An exact copy of every entry is the answer here, with no pictures.

** Supplied material follows **

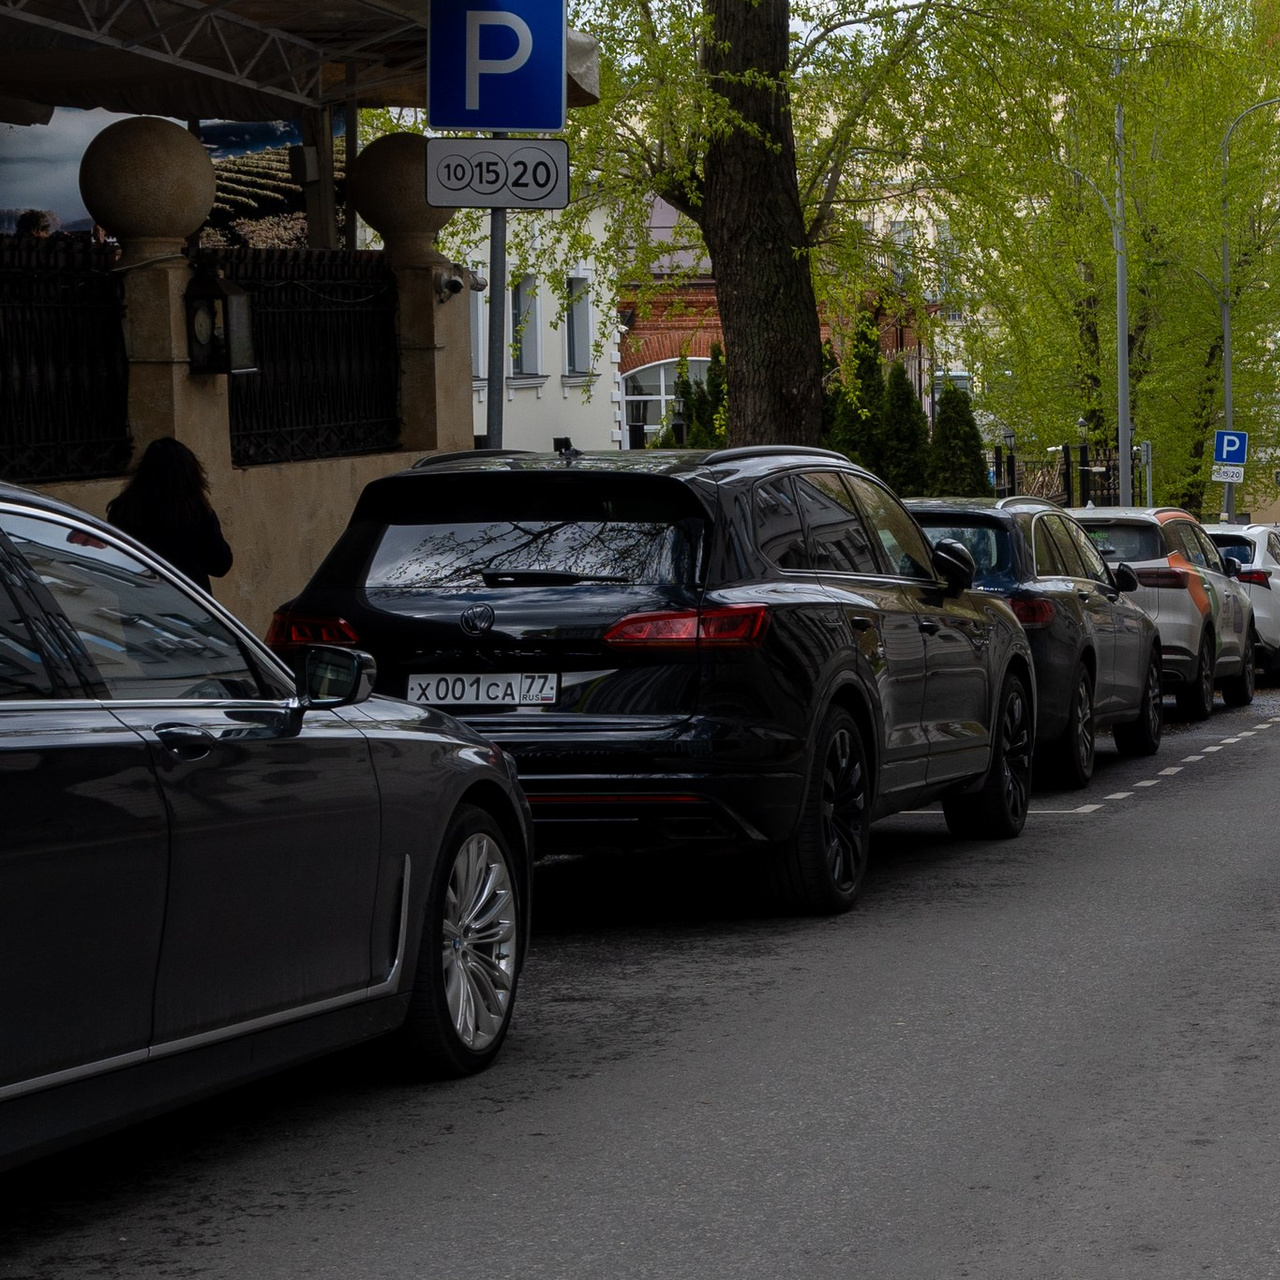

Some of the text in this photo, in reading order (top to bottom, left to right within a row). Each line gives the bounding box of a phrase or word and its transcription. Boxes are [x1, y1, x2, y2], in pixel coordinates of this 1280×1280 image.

[466, 11, 533, 110] P
[443, 160, 551, 188] 10 15 20
[1222, 435, 1240, 459] P
[1230, 470, 1240, 479] 20
[524, 675, 549, 693] 77
[522, 694, 540, 702] RUS

** End of Supplied material **

(Output of the task)
Some of the text in this photo, in reading order (top to bottom, left to right within a row). Each line gives the bounding box of a phrase or word and its transcription. Boxes are [x1, y1, x2, y2], in pixel coordinates of this 1280×1280 image.

[466, 11, 533, 110] P
[443, 160, 551, 188] 10 15 20
[1222, 435, 1240, 459] P
[1230, 470, 1240, 479] 20
[524, 675, 549, 693] 77
[522, 694, 540, 702] RUS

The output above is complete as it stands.